34 comments on “Armchair BEA – Why We Write (Topic of Choice)

  1. I’d say that I first started my blog just so that I would have a place to keep track of my thoughts about the books I read. But I definitely have realized how much fun it is to interact with everyone else in the book blog community. Even if I’m not getting many comments on my blog, I love to read the comments on other people’s blogs and participate when I can!

    • I definitely started out for myself too. But the more you put into your blog, the more you want to get out of it. If I were just writing my thoughts for myself, it wouldn’t take nearly as much effort as maintaining a blog does… and it’s the interaction that really makes it worth it. Thanks for stopping by!

  2. I started my blog for the same reason as the first commenter said – as a way to keep track of my thoughts on books, but having these conversations with other readers definitely keeps me going. I don’t know if I would have continued with my blog otherwise actually – the interaction keeps me motivated to continue which I love.

    • Yup. I’m not sure at what point that shift happens. Maybe when we first start getting comments… because when we’re starting out, we really are just shouting into a void… but in the hopes that it won’t always be a void.

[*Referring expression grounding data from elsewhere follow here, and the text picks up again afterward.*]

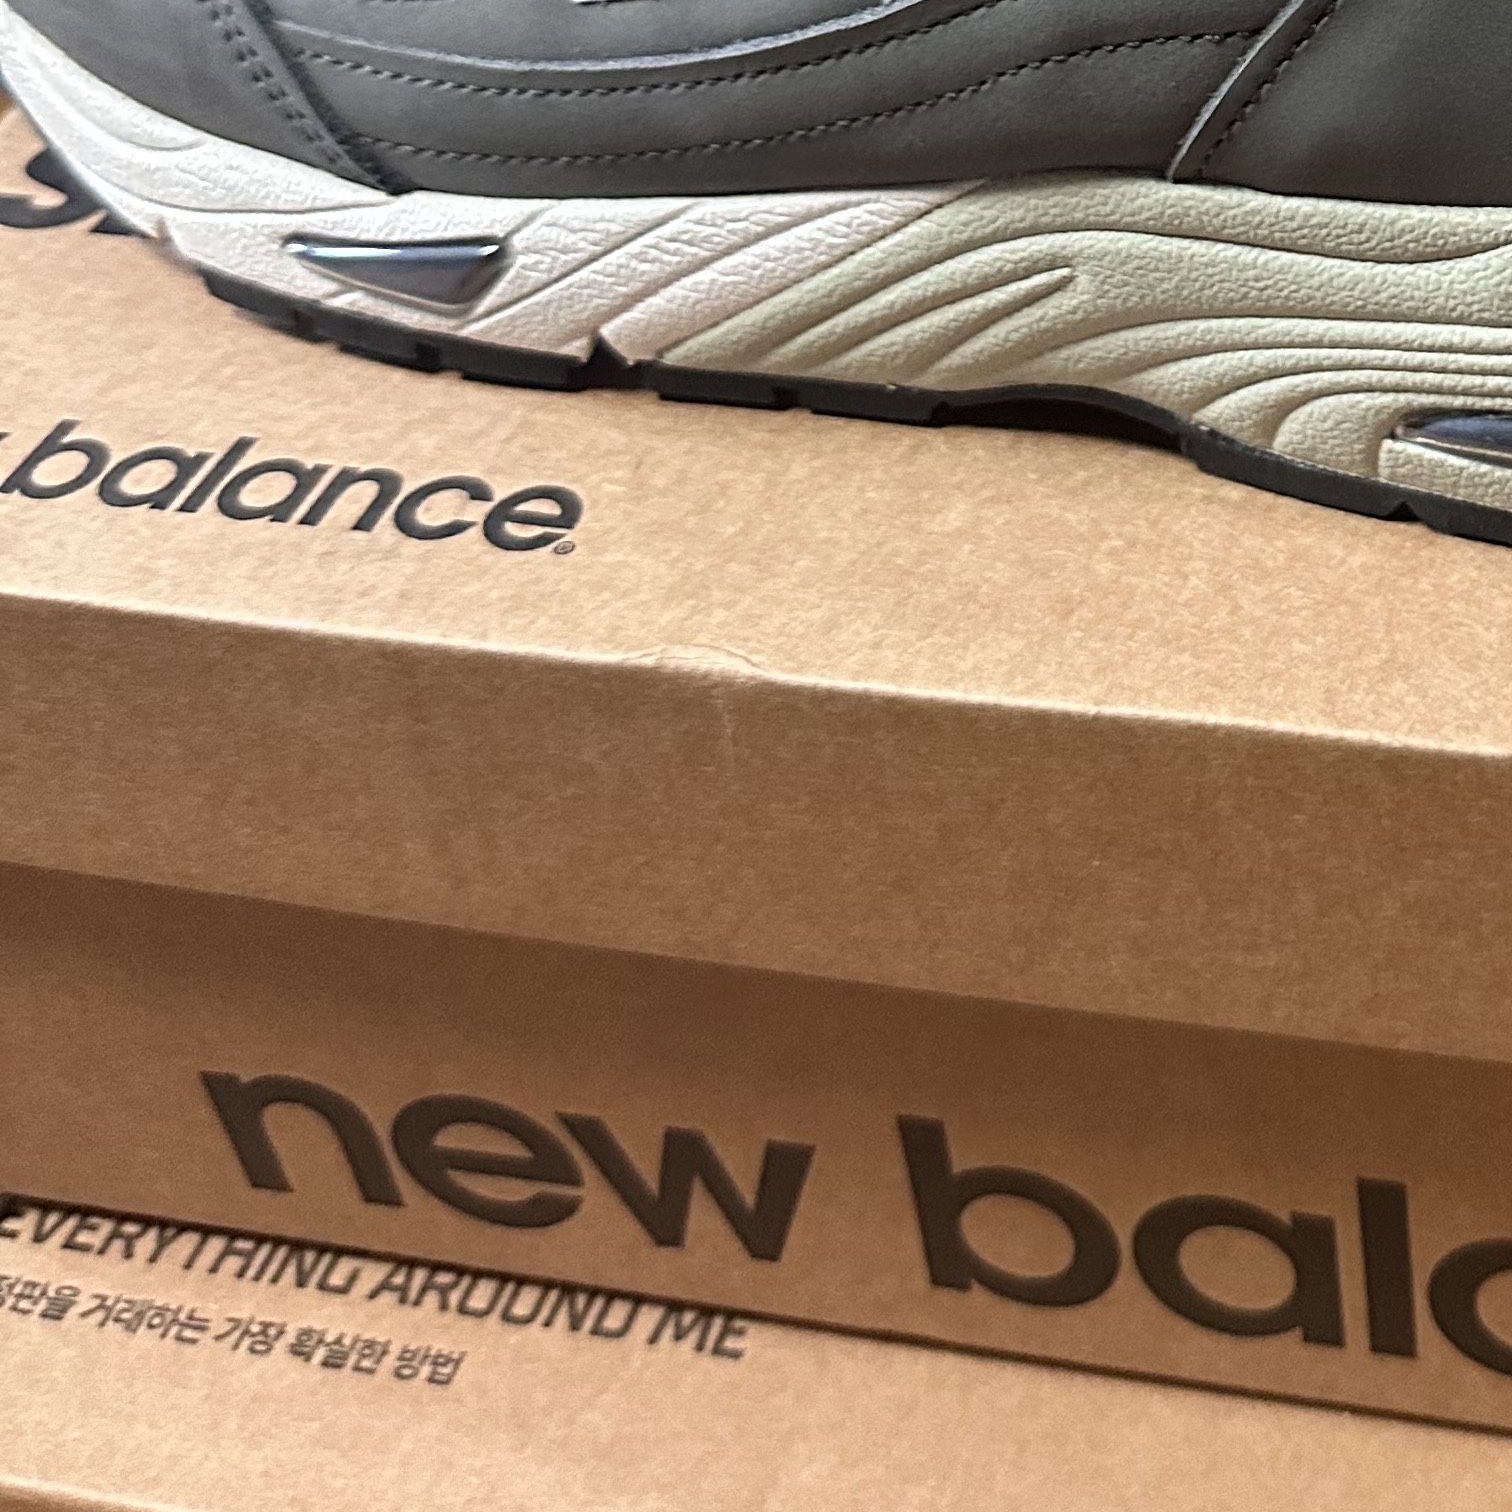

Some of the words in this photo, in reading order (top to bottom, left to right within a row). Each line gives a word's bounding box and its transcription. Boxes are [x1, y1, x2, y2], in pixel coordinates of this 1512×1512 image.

[1, 418, 584, 552] balance
[202, 1069, 816, 1262] new
[78, 1292, 210, 1345] 거래하는
[214, 1315, 287, 1355] 가장
[288, 1325, 392, 1374] 확실한
[394, 1342, 466, 1385] 방법
[368, 1260, 639, 1339] AROUND
[646, 1298, 749, 1360] ME

  3. I’ve mentioned it on my blog before, but I started my blog as a way to share my monthly reading log for a swap for another site. I never thought I’d have followers! It’s only a couple, but still, people actually read what I say and I find that pretty amazing. But in the end, it’s still about me. Right now, I don’t care about my numbers or if anyone does or doesn’t follow me. I take part in things like Armchair Bea to see what else is going on out there, and I do like the few comments that I get when I link up to things.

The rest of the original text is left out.